Dataset entries:

========

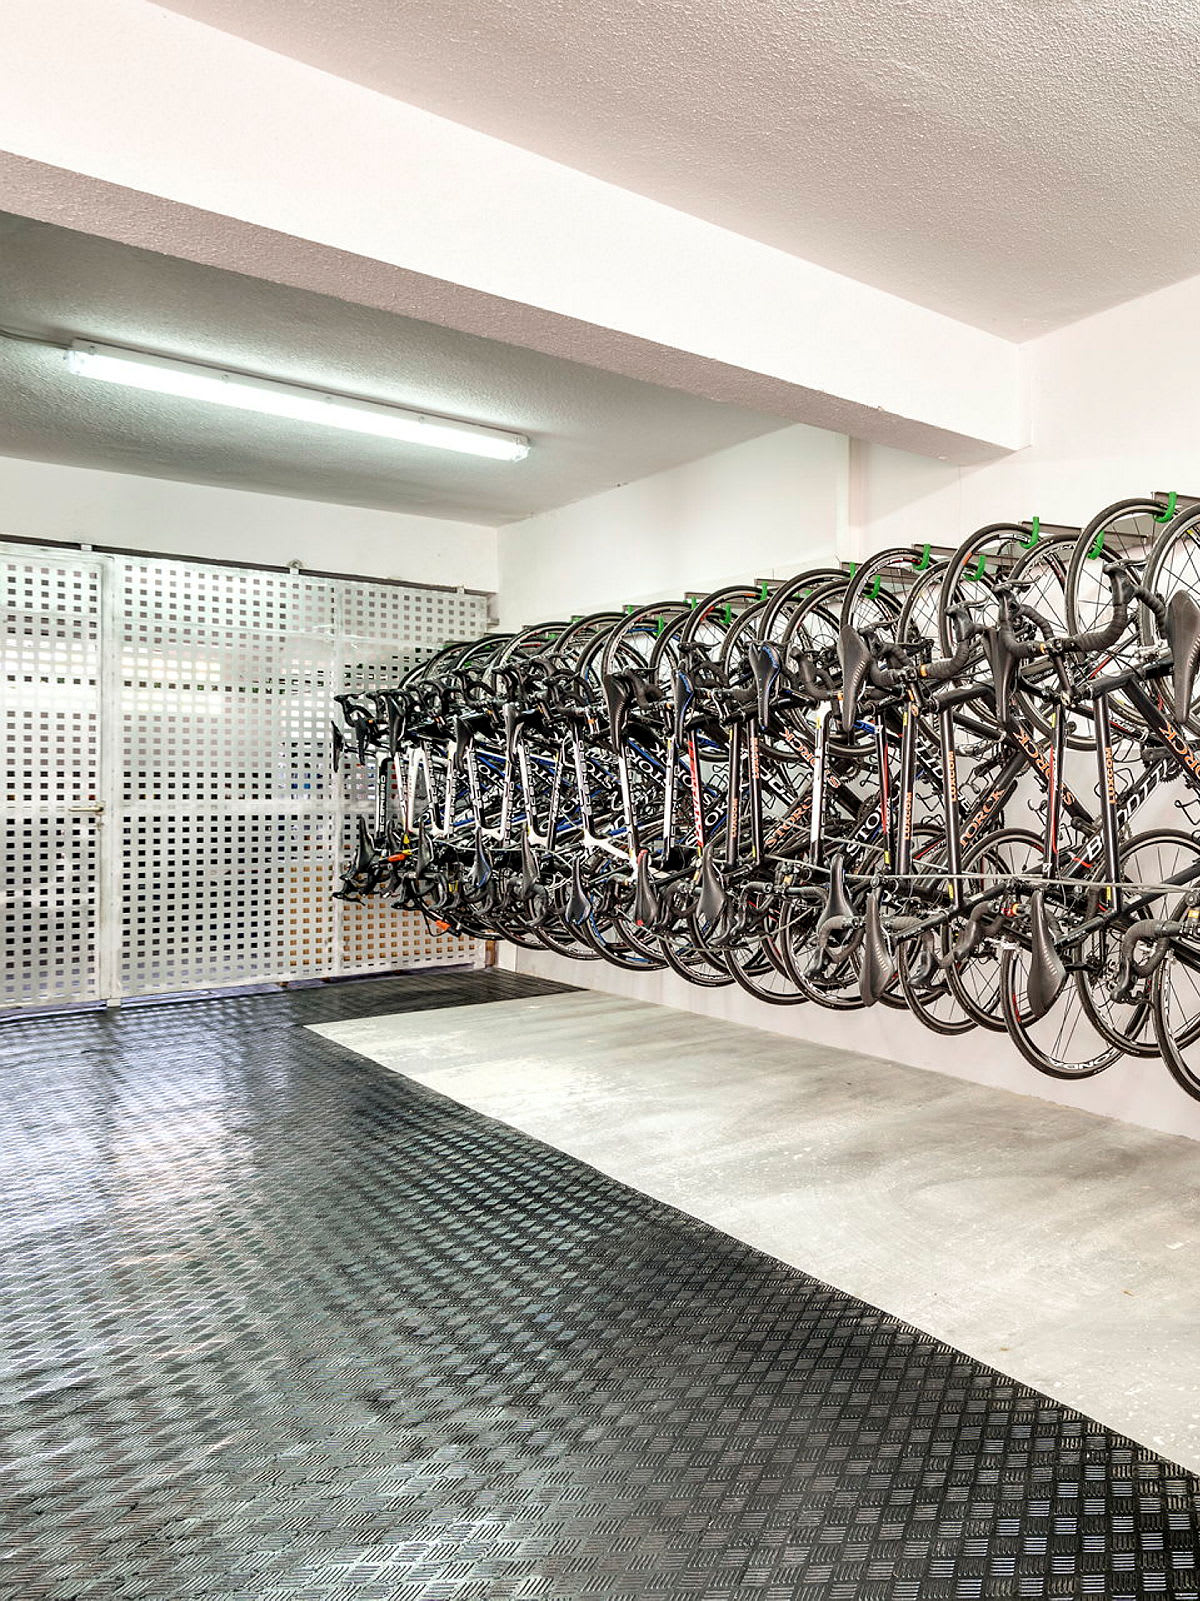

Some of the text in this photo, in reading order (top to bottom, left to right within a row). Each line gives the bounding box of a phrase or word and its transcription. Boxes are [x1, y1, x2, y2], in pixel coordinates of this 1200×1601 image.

[949, 750, 957, 802] LUXCOM
[1105, 747, 1117, 804] LUXCOM
[764, 796, 813, 846] STORC
[904, 792, 912, 840] LUXCOM
[960, 788, 1005, 848] TORCK

========

How to complete this task: The pictures in the entries above should be left out; all else must be copied exactly.

Output of the exercise:
Some of the text in this photo, in reading order (top to bottom, left to right within a row). Each line gives the bounding box of a phrase or word and its transcription. Boxes are [x1, y1, x2, y2], in pixel coordinates of this 1200×1601 image.

[949, 750, 957, 802] LUXCOM
[1105, 747, 1117, 804] LUXCOM
[764, 796, 813, 846] STORC
[904, 792, 912, 840] LUXCOM
[960, 788, 1005, 848] TORCK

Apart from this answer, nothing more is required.